Prompt: Give back each line of the data exactly as it reads, minus the pictures.

=-=-=

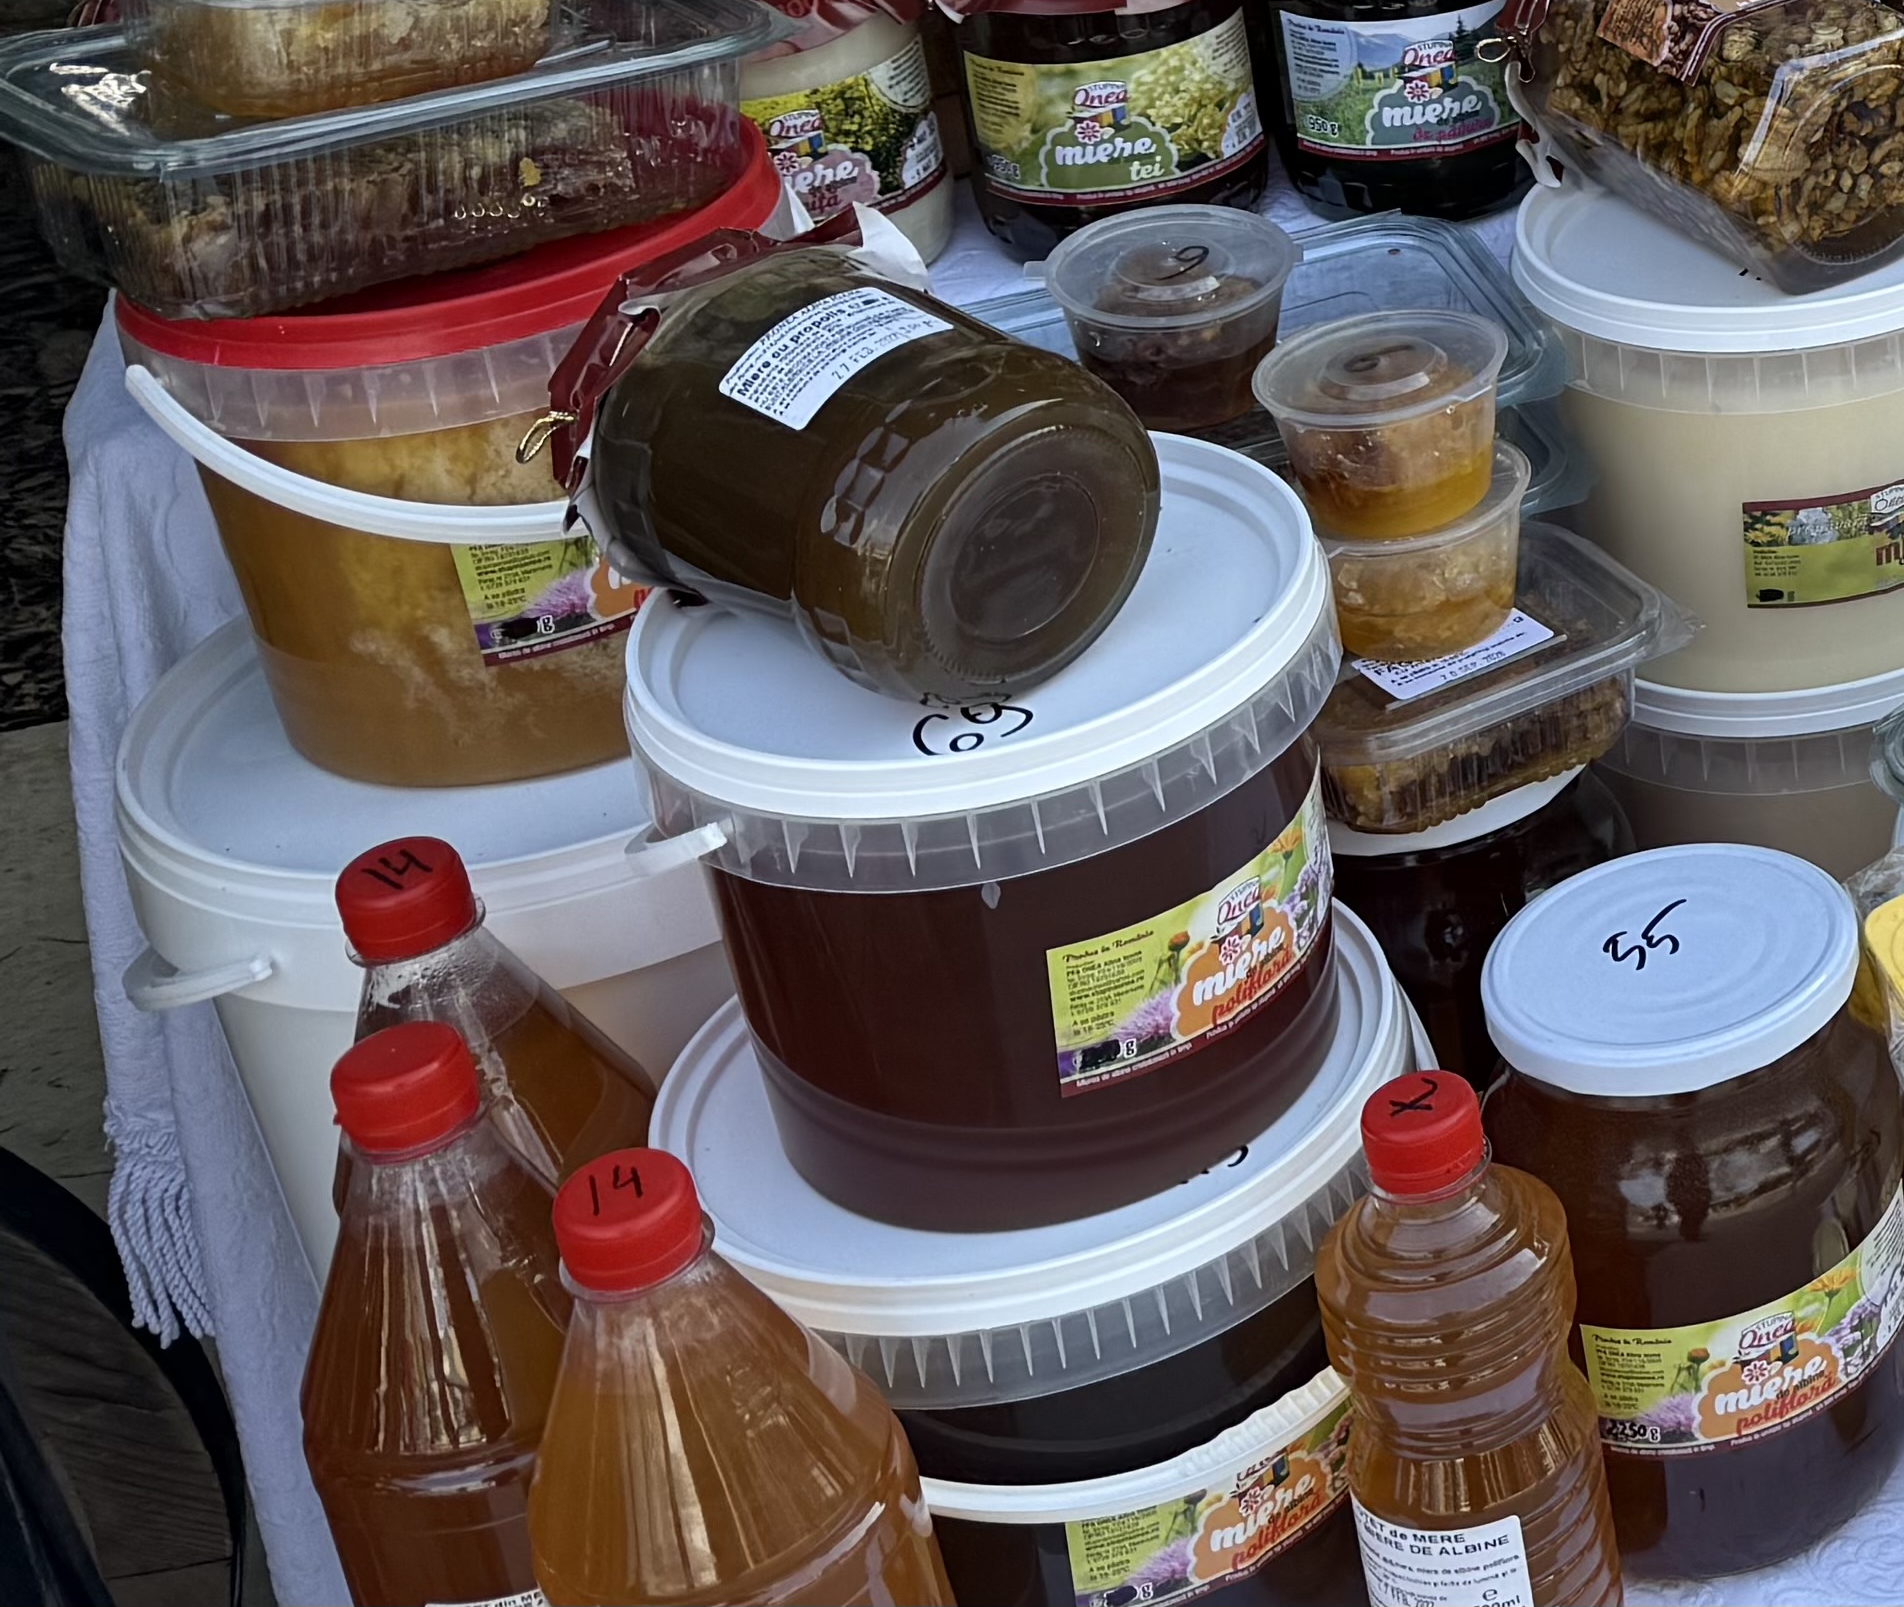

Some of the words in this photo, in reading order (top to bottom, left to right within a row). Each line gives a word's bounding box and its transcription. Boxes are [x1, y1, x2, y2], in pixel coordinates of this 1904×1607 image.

[1382, 94, 1482, 129] miere
[1055, 137, 1156, 167] miere
[1130, 160, 1165, 181] tei
[791, 307, 847, 349] propolis
[1192, 926, 1286, 1006] miere
[588, 1164, 645, 1215] 14
[1714, 1356, 1828, 1416] miere
[1736, 1376, 1837, 1436] polifloră
[1209, 1472, 1317, 1555] miere
[1409, 1543, 1434, 1556] DE
[1436, 1536, 1510, 1557] ALBINE
[1412, 1531, 1464, 1546] MERE
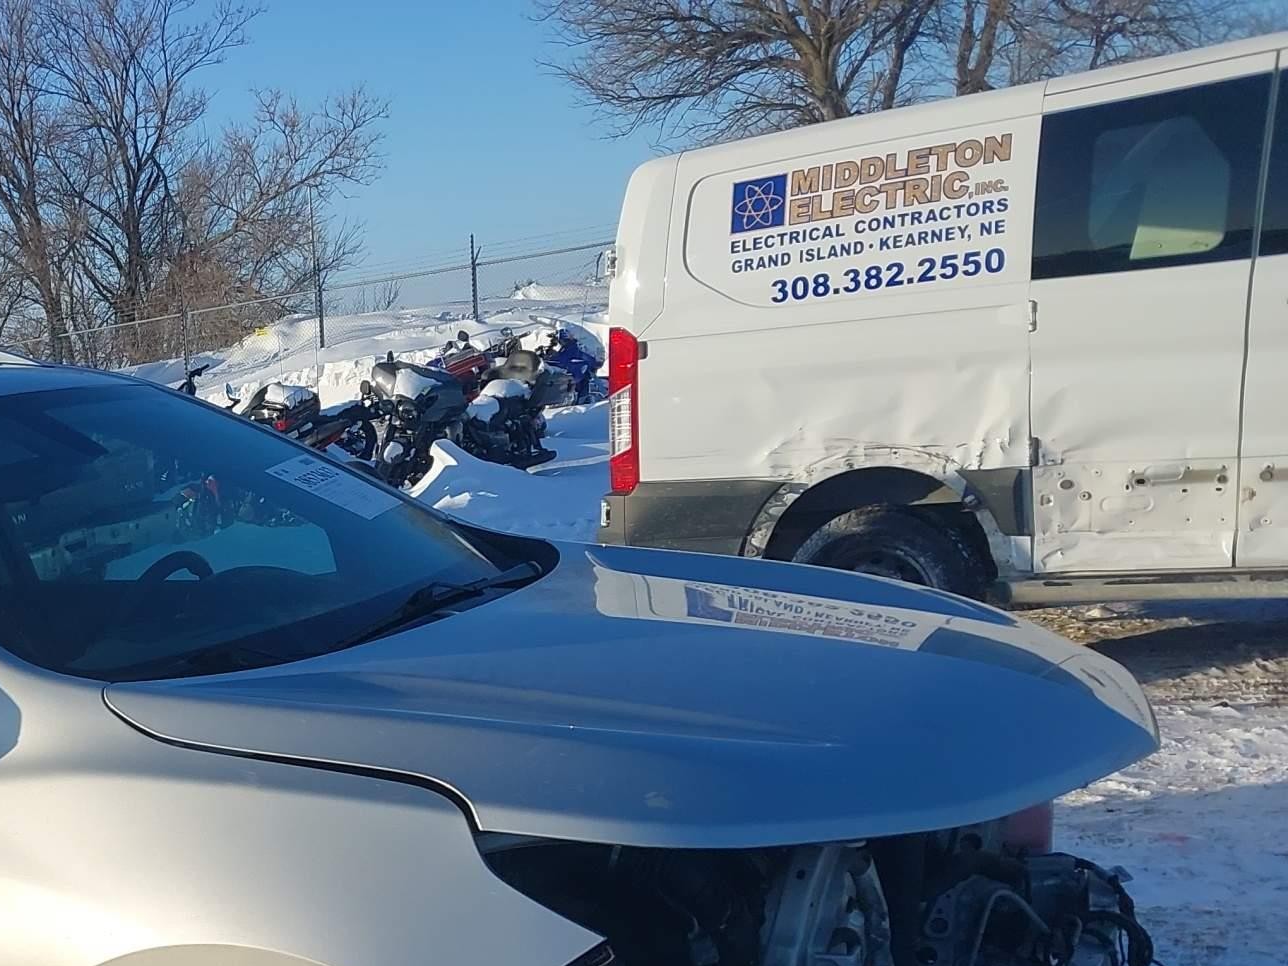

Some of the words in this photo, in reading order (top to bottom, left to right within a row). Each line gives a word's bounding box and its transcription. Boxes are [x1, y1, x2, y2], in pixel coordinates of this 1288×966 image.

[790, 133, 1013, 197] MIDDLETON
[975, 178, 1010, 196] INC.
[730, 223, 846, 254] ELECTRICAL
[854, 198, 1009, 233] CONTRACTORS
[731, 252, 791, 274] GRAND
[799, 241, 864, 264] ISLAND
[879, 224, 972, 251] KEARNEY,
[980, 219, 1006, 237] NE
[770, 247, 1006, 303] 308.382.2550
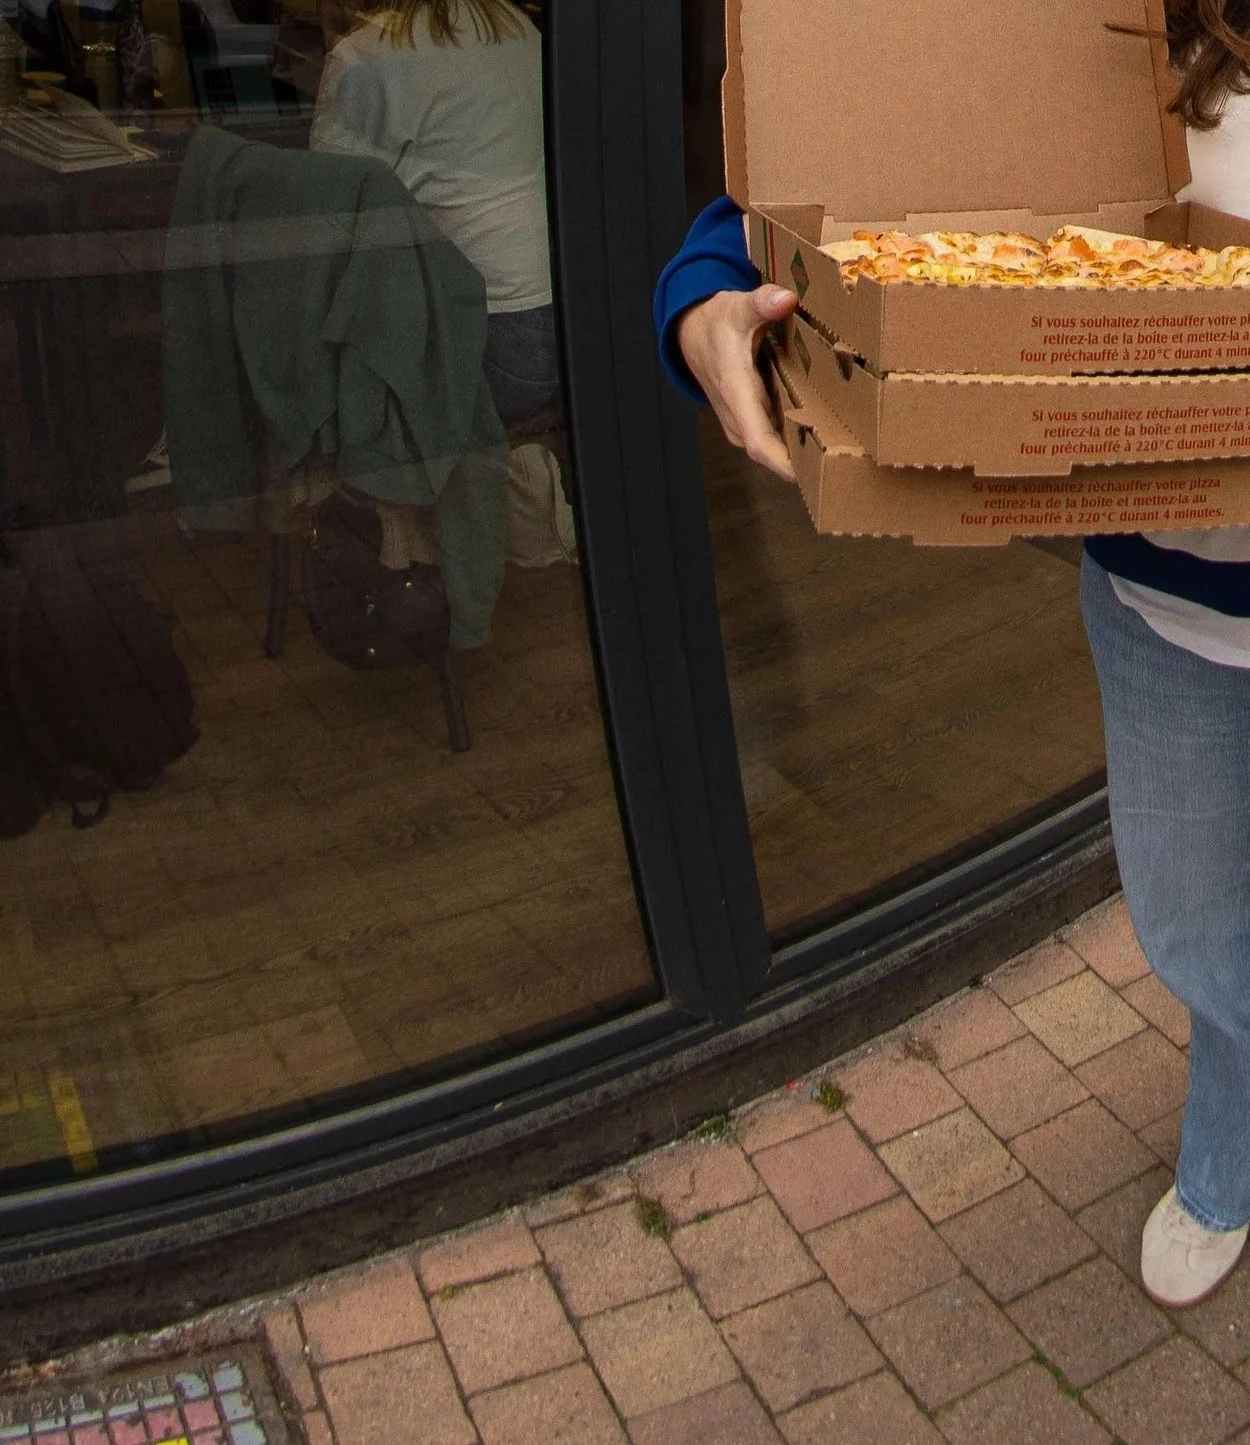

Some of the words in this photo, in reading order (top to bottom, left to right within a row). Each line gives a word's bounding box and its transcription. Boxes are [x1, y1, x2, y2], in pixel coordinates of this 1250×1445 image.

=-=-=

Response to the task:
Some of the words in this photo, in reading order (top to bottom, left to right within a row). Each line gives a word's bounding box and its transcription. Boxes are [x1, y1, x2, y2], in pixel coordinates of this 1904×1607 image.

[1382, 94, 1482, 129] miere
[1055, 137, 1156, 167] miere
[1130, 160, 1165, 181] tei
[791, 307, 847, 349] propolis
[1192, 926, 1286, 1006] miere
[588, 1164, 645, 1215] 14
[1714, 1356, 1828, 1416] miere
[1736, 1376, 1837, 1436] polifloră
[1209, 1472, 1317, 1555] miere
[1409, 1543, 1434, 1556] DE
[1436, 1536, 1510, 1557] ALBINE
[1412, 1531, 1464, 1546] MERE

Some of the words in this photo, in reading order (top to bottom, left to right within a row). Each line gives a word's bounding box and its transcription. Boxes are [x1, y1, x2, y2], in pixel coordinates of this 1288×966 image.

[790, 133, 1013, 197] MIDDLETON
[975, 178, 1010, 196] INC.
[730, 223, 846, 254] ELECTRICAL
[854, 198, 1009, 233] CONTRACTORS
[731, 252, 791, 274] GRAND
[799, 241, 864, 264] ISLAND
[879, 224, 972, 251] KEARNEY,
[980, 219, 1006, 237] NE
[770, 247, 1006, 303] 308.382.2550

Some of the words in this photo, in reading order (top to bottom, left to right within a row). Each line gives a word's bounding box and its transcription. Boxes are [x1, y1, x2, y2], in pixel coordinates of this 1250×1445 image.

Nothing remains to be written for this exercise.